I work at the Mayo Clinic in Scottsdale, Arizona. Mayo Clinic has been around since the early 1900s starting in the small town of Rochester, Minnesota but has grown to be the largest medical clinic in the US. It built a reputation as a place to go when no one else can figure out what is wrong with your health; the last resort.
As a general internist, I am often assigned to evaluate patients for whom no one else has figured out what is wrong; often times they have chronic pain and fatigue. Conventional Medicine focuses on physical disease which is defined by measurements, blood work, x-rays, examinations, etc. The results of testing give us the name of the disease which we then treat. Many people feel bad but all their tests are normal, which means by definition they do not have a “physical” illness. The only other possibility then is they have a “mental” illness, depression, anxiety, stress, etc., and since there are no abnormal tests to fix, these patients are treated as though their illnesses are not real. I realized early in my career that conventional medicine doesn’t have all the answers, so I received extra training in “Integrative Medicine” which is loosely defined as using the best of both conventional and unconventional medicine to help the patient. My practice now is to see patients who, even after a Mayo Clinic evaluation, still do not have a defined disease. I am the last resort at the last resort.

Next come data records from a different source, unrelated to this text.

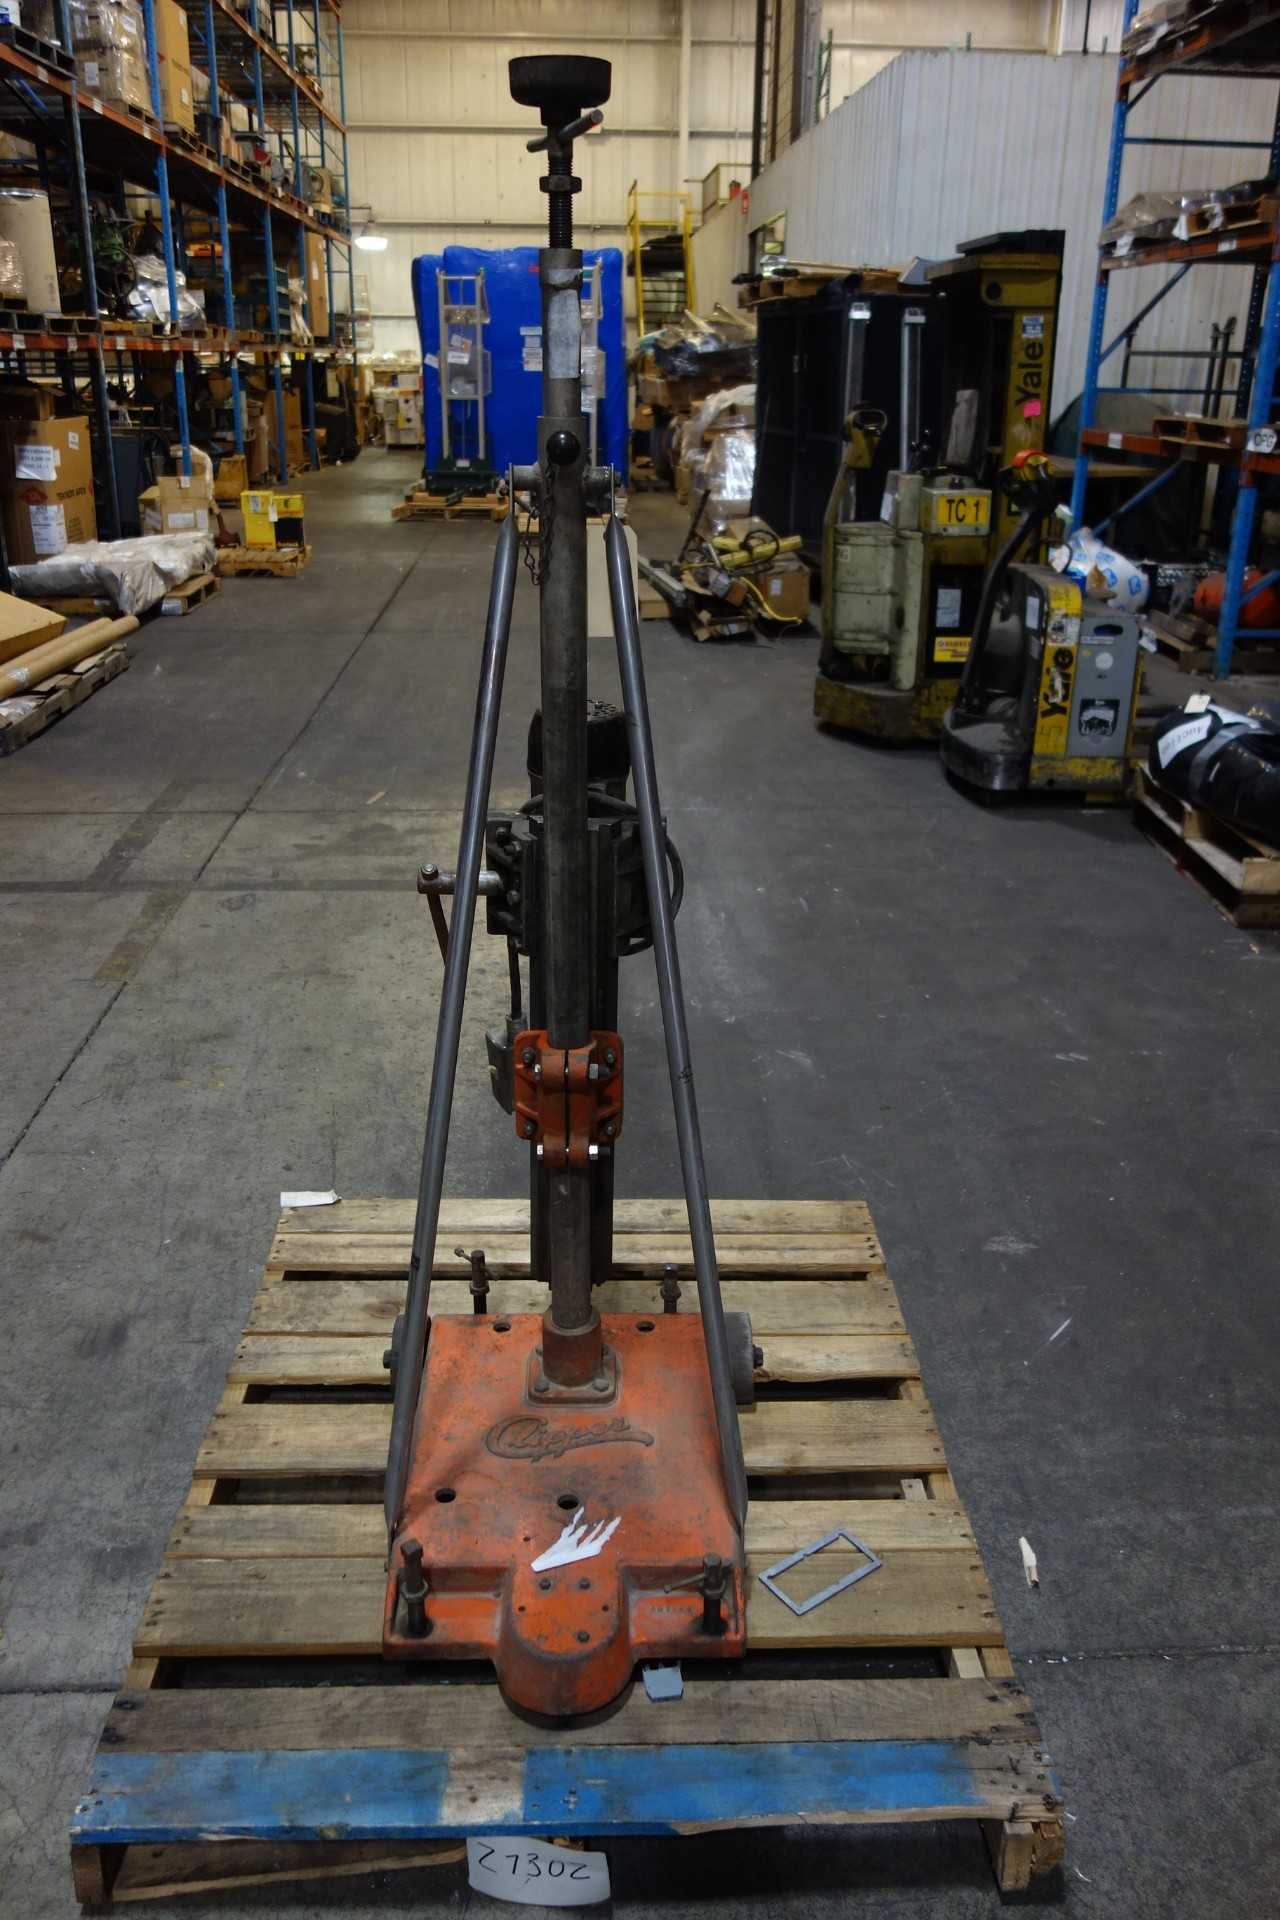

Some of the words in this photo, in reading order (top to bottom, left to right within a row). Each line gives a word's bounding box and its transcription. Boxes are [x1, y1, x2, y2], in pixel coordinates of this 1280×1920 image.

[1015, 341, 1043, 406] Yale
[946, 498, 967, 523] TC
[973, 499, 981, 522] 1
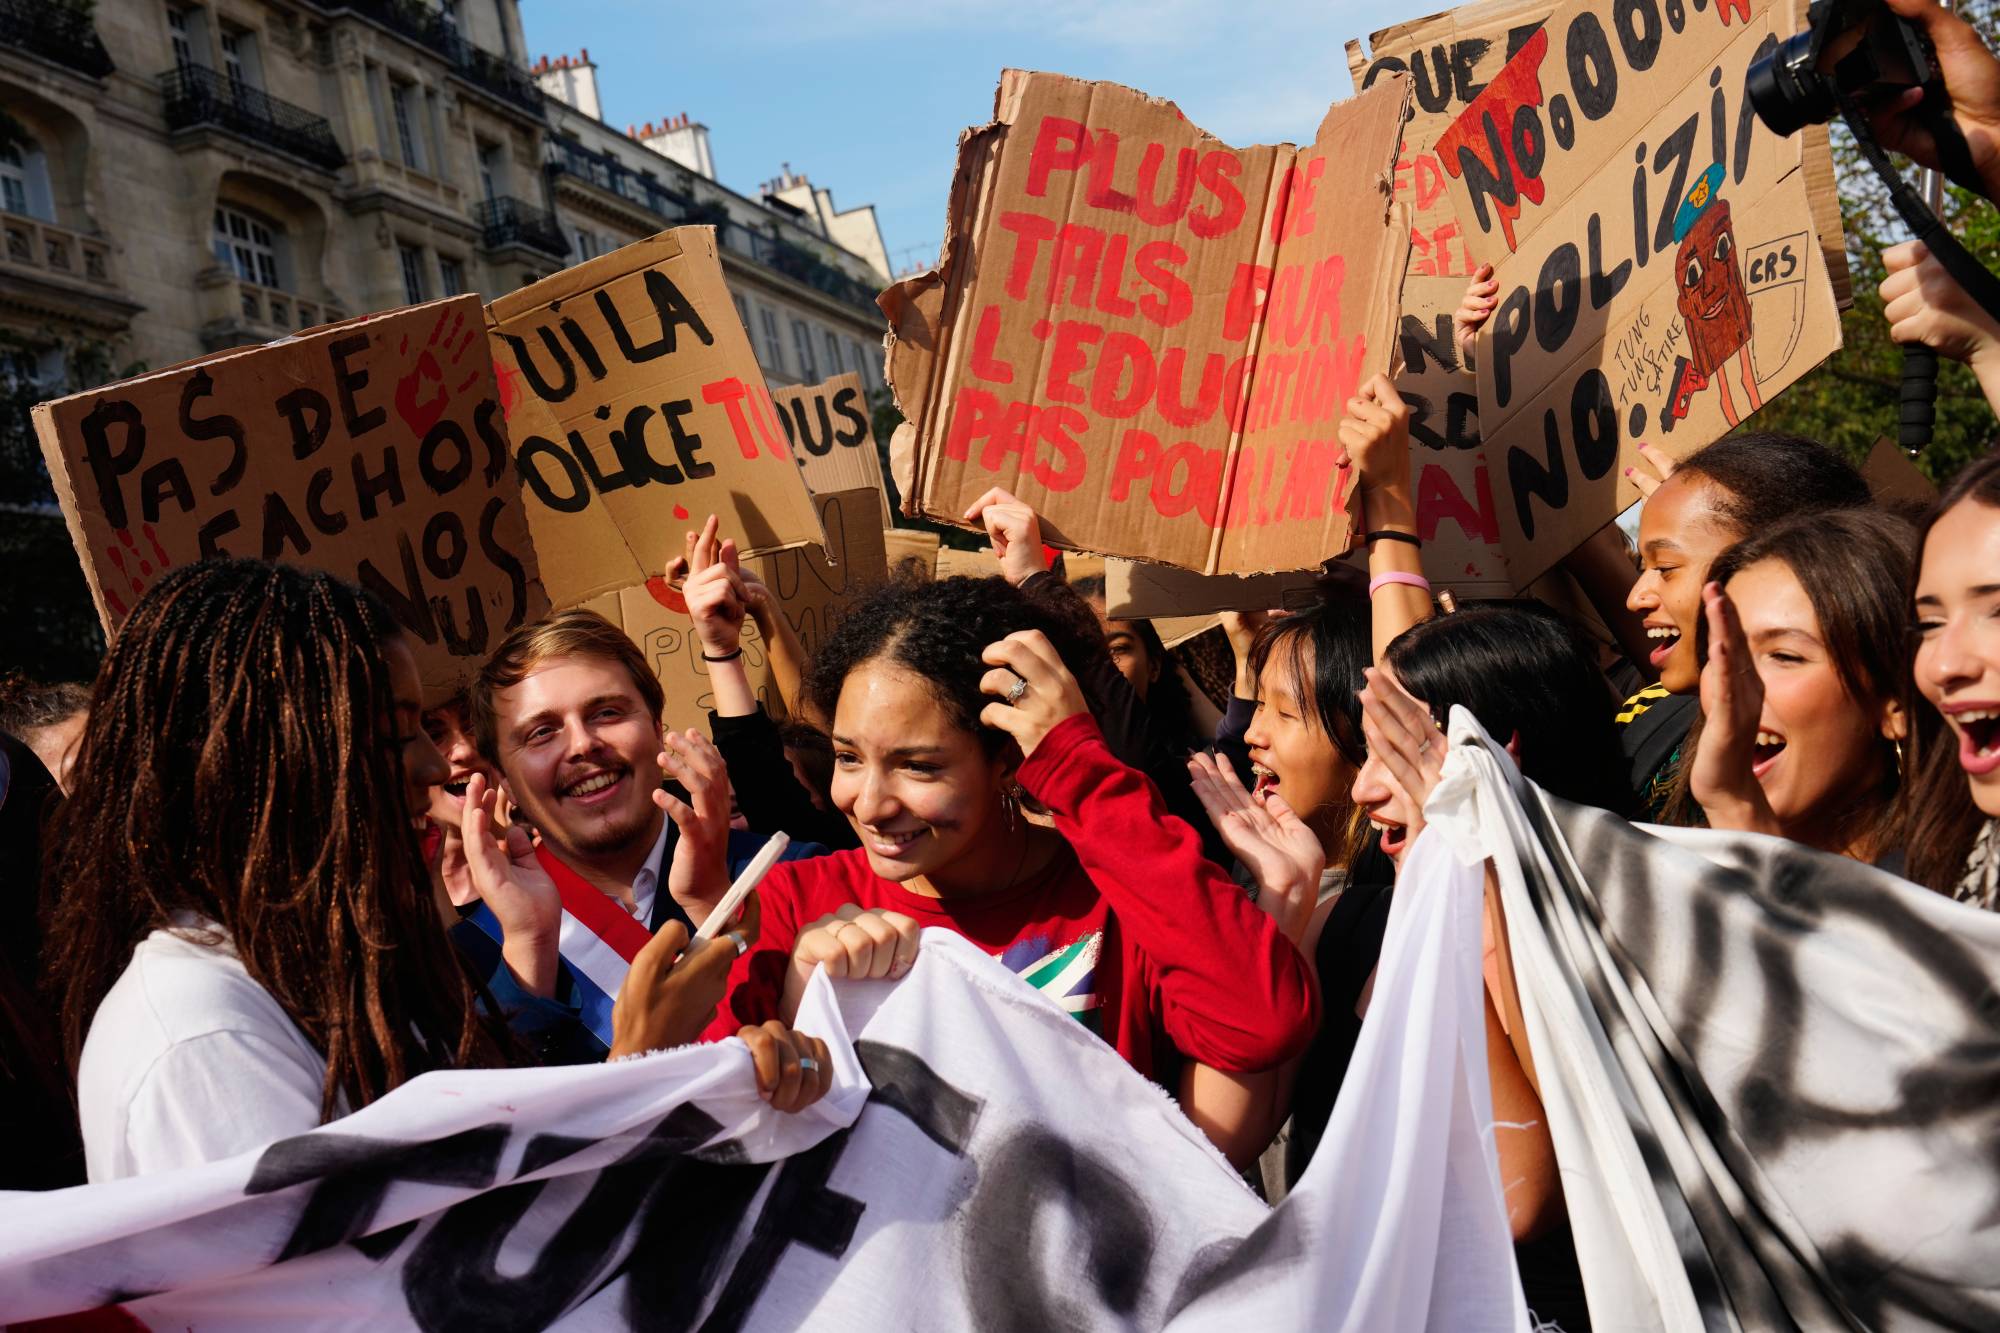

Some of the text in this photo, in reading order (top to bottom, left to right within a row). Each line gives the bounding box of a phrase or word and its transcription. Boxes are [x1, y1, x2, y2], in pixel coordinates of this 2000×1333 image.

[1025, 115, 1325, 246] PLUS DE
[1222, 255, 1345, 347] POUR
[1750, 245, 1797, 284] CRS
[594, 269, 713, 363] LA
[1615, 304, 1650, 370] TUNG
[1647, 314, 1684, 397] SATIRE
[1620, 342, 1655, 405] TUNG
[81, 332, 388, 530] PAS DE
[944, 387, 1089, 492] PAS
[1110, 429, 1256, 529] POUR
[199, 398, 508, 564] FACHOS
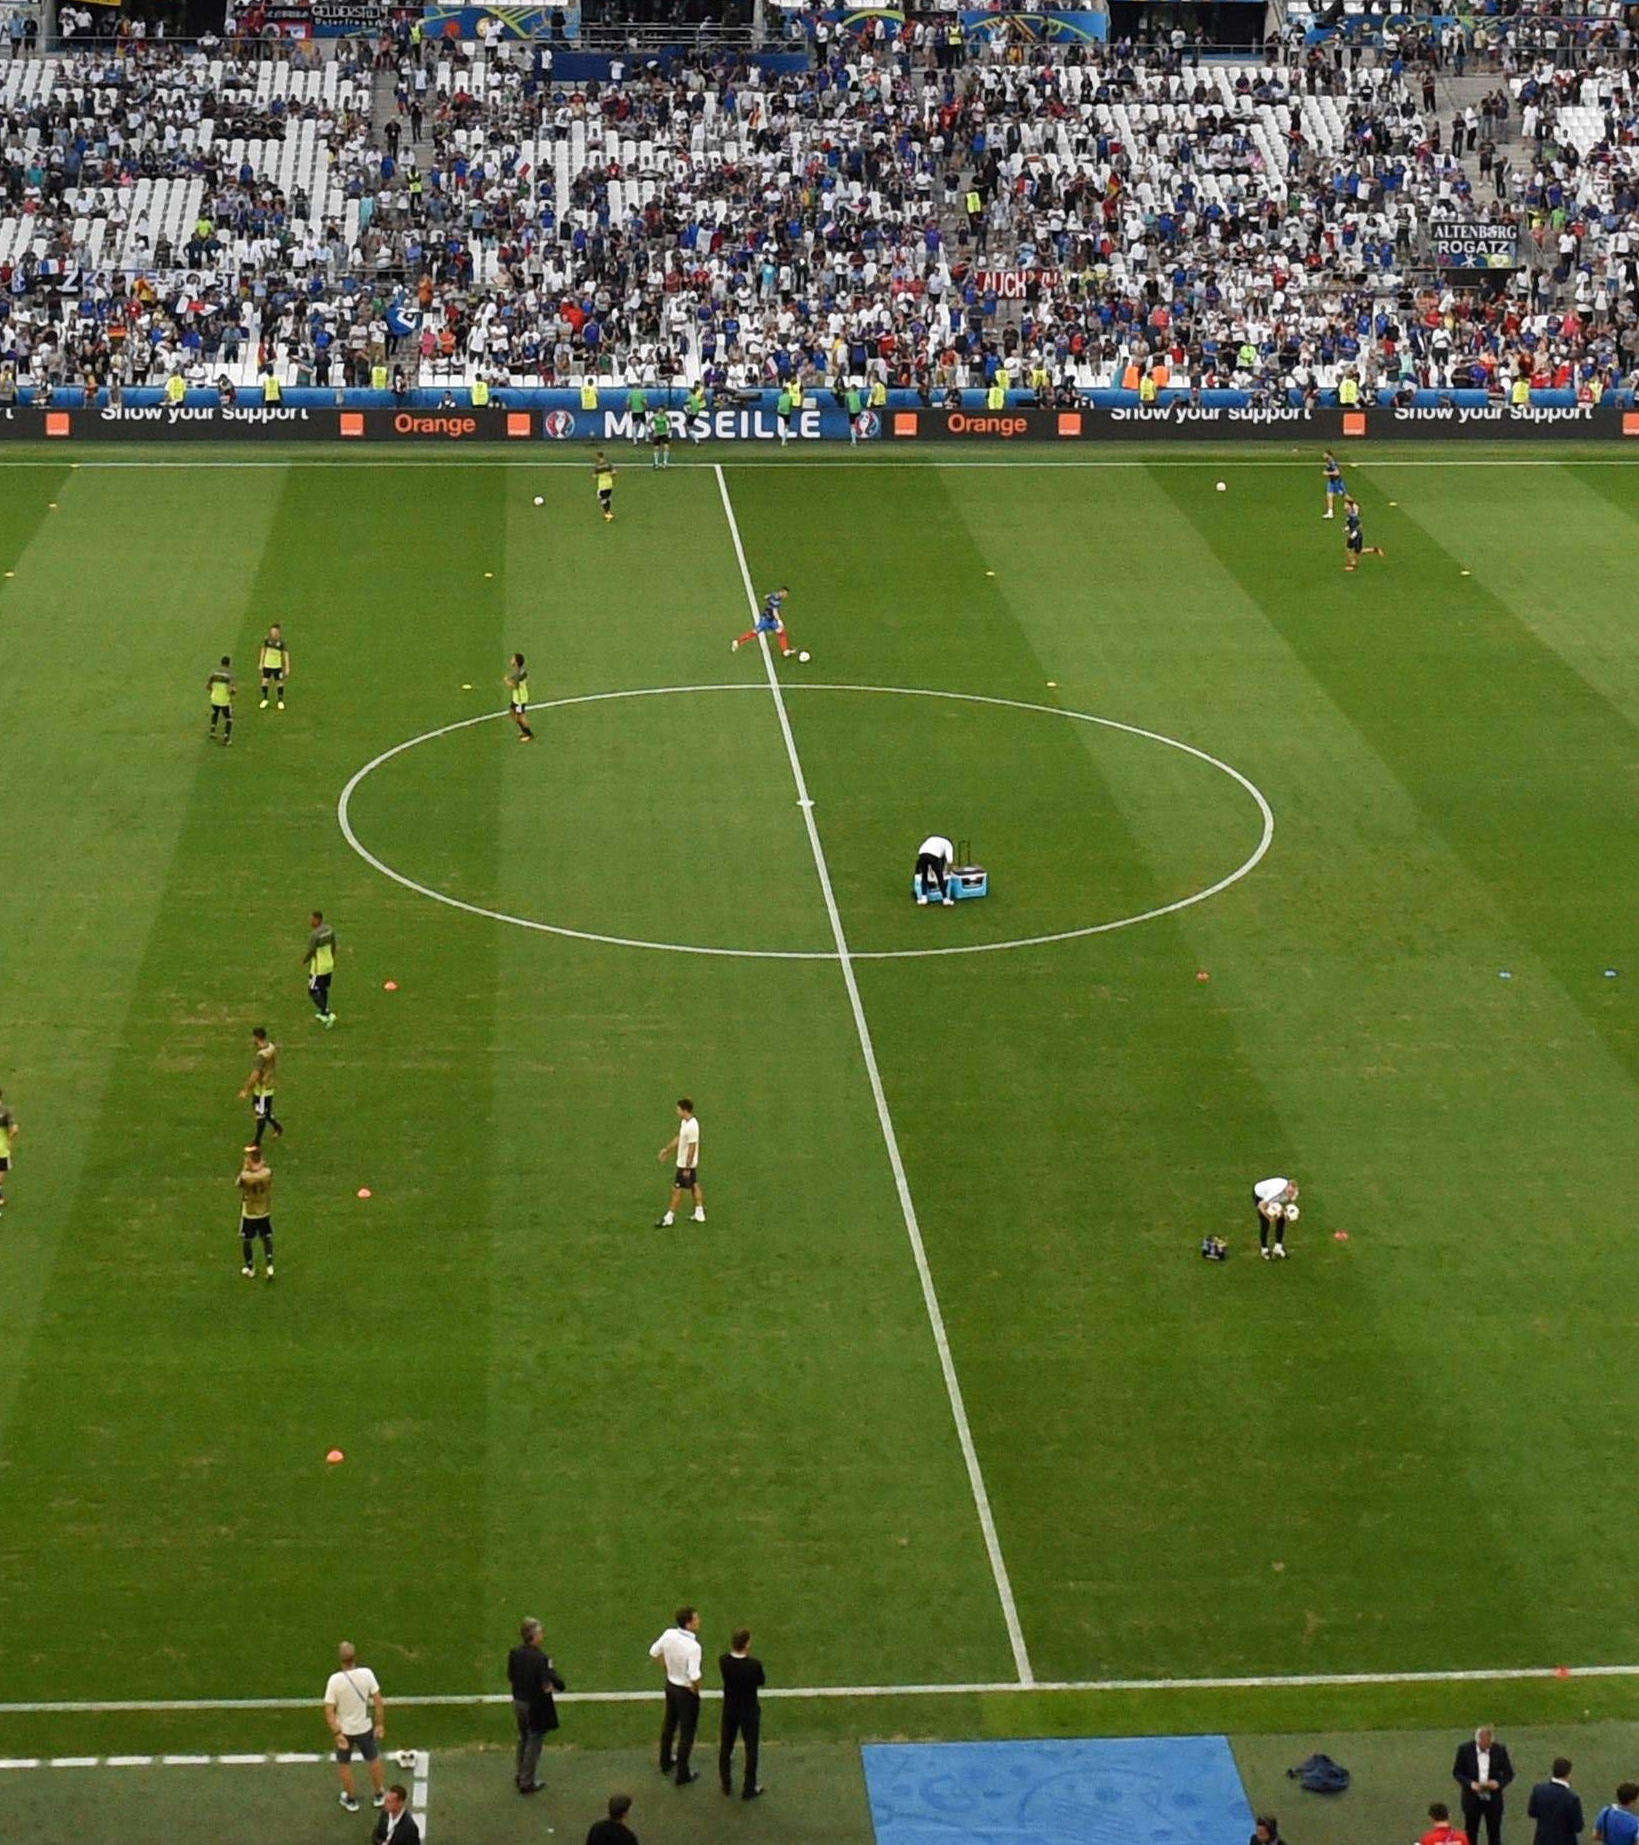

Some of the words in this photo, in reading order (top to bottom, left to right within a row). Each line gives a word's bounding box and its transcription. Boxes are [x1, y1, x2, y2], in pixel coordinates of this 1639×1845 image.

[394, 413, 476, 437] Orange
[603, 410, 821, 439] MRSEILLE
[948, 413, 1028, 437] Orange

Most of the patients I see have had every test in the book; many of them have had tests repeated over and over even though the results are normal. My diagnostic and therapeutic tool is listening. It is the one “test” they have not had during all their evaluations. I ask them about their present health issues but also about what their lives are like with the disease. My appointments are two hours long which may seem extraordinary but often times is barely enough to let patients tell their stories from beginning to end. Rarely do I find a patient with chronic pain or fatigue who does not have a story that goes back even into childhood of physical and sexual abuse, neglect, fear, abandonment etc. At least half of the women that I see in my practice were sexually abused as children and at least a quarter of them have never told anyone before, and virtually none have ever been asked by their doctor about it. Daniel Seigel M.D., advocate of “interpersonal neurobiology” calls this “feeling felt.” The patient needs to feel that someone else truly understands what they are experiencing, and once that happens they begin to heal.
There is not a bright line that separates our physical, mental, emotional, and spiritual health. For chronic health problems, each area is important to help a person become well. There are no blood tests that give the answer, only talking and listening.
Dr. Larry Bergstrom is a general internist who practices integrative medicine at the Mayo Clinic in Scottsdale, Arizona.